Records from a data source

────────

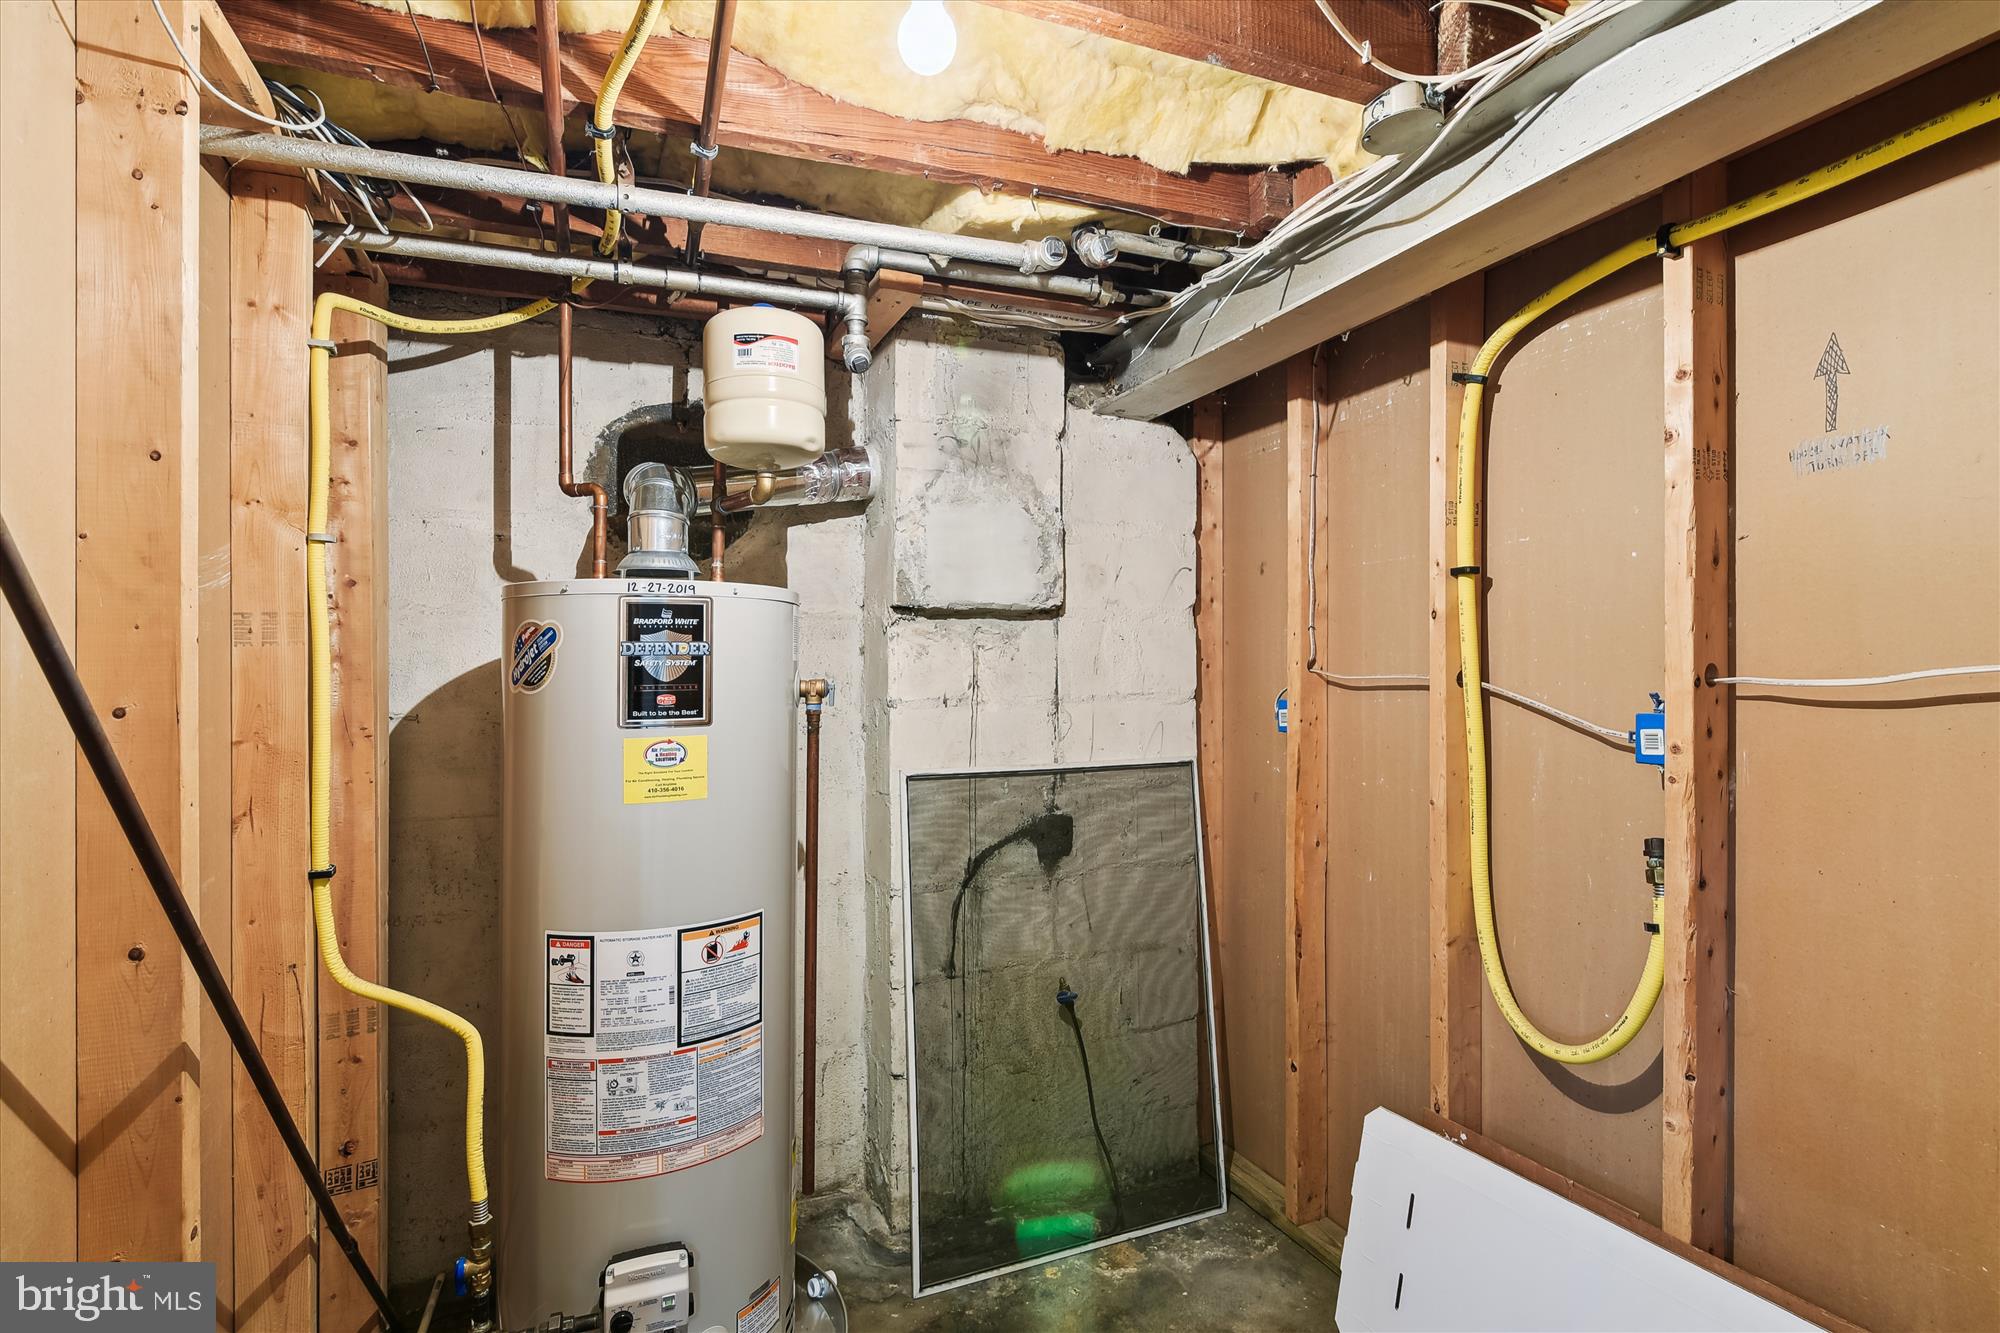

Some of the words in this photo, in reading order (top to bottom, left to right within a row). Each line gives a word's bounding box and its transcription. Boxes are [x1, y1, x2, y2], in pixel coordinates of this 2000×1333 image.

[1830, 427, 1891, 450] WATER
[621, 642, 710, 655] DEFENDER
[715, 925, 739, 934] WARNING
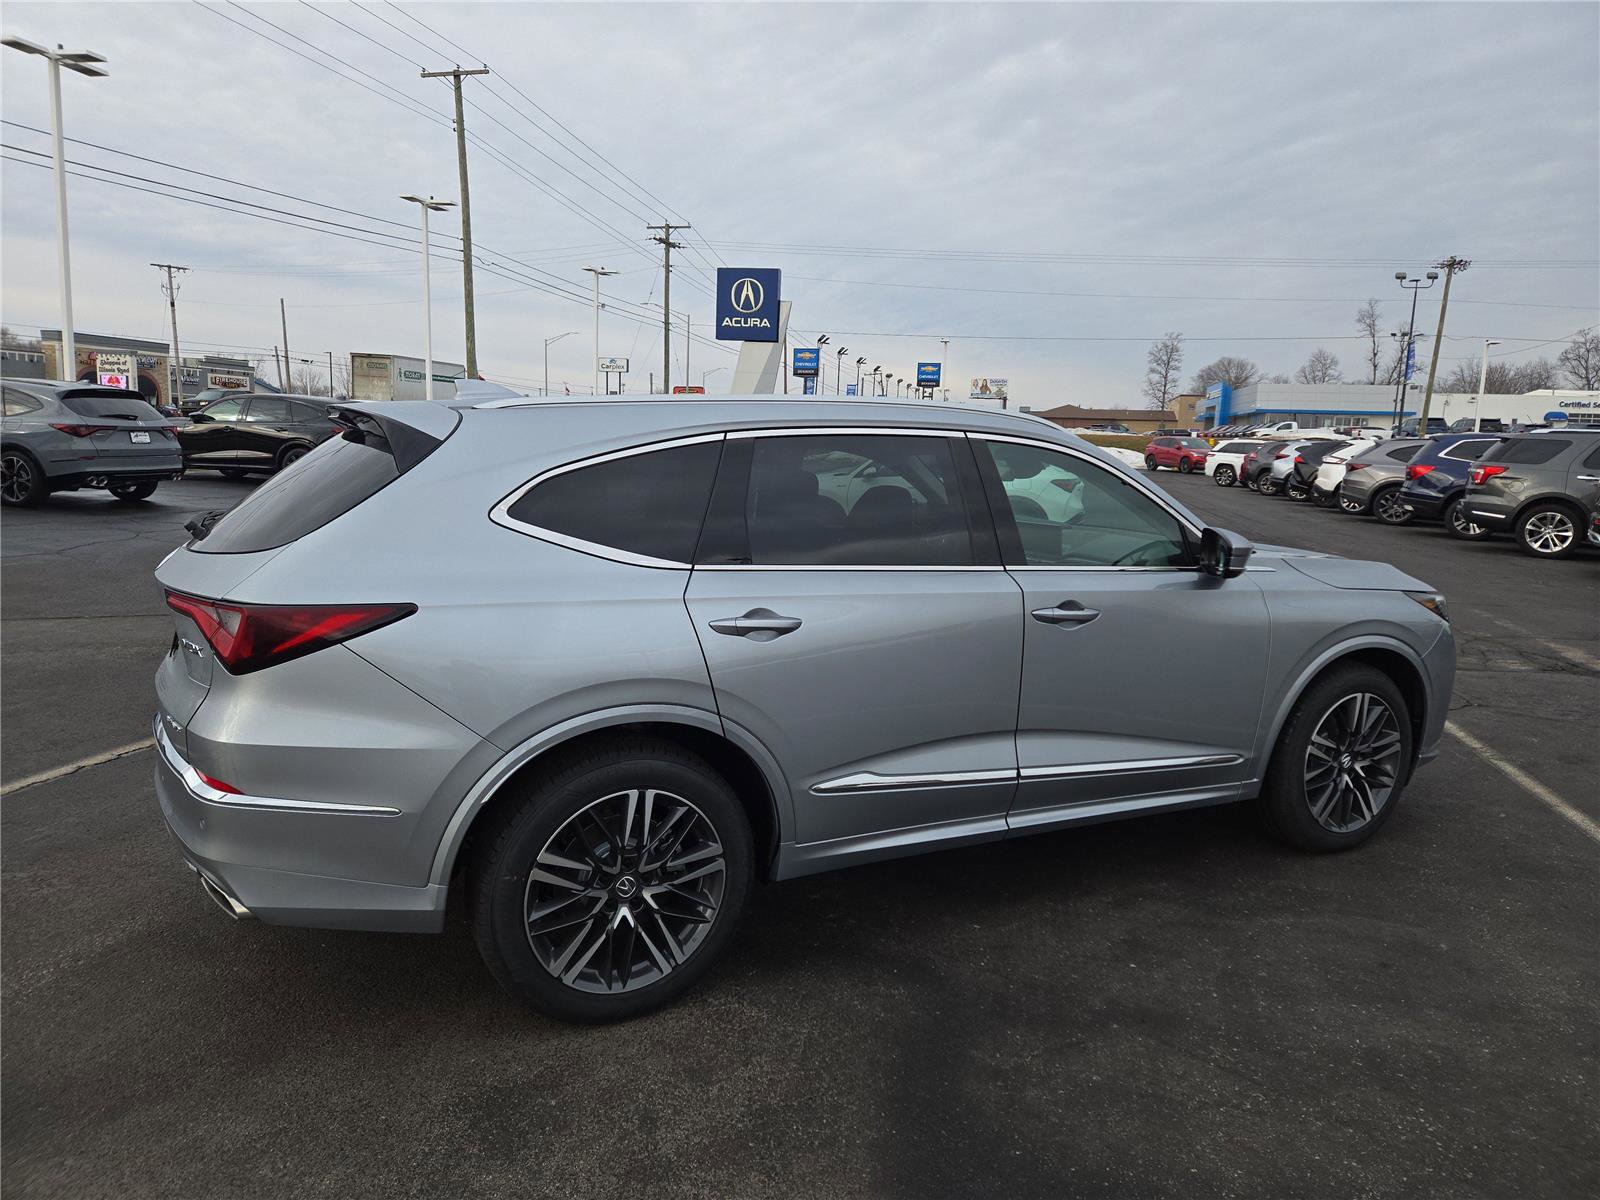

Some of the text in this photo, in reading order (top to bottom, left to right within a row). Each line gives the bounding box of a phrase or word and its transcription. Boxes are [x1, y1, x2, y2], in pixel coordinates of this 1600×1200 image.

────────

### WHAT TO WORK ON
Exclude the pictures and transcribe all of the entries exactly.

### ANSWER SPACE
Some of the words in this photo, in reading order (top to bottom, left to right within a row). Each line gives a word's bounding box and its transcription. Boxes are [x1, y1, x2, y2], in pixel coordinates of this 2000×1333 image.

[1830, 427, 1891, 450] WATER
[621, 642, 710, 655] DEFENDER
[715, 925, 739, 934] WARNING

Some of the text in this photo, in reading order (top to bottom, left to right within a row). Each line gives the bounding box of a phrase or word and its transcription. Boxes are [x1, y1, x2, y2], in pixel coordinates of this 1600×1200 image.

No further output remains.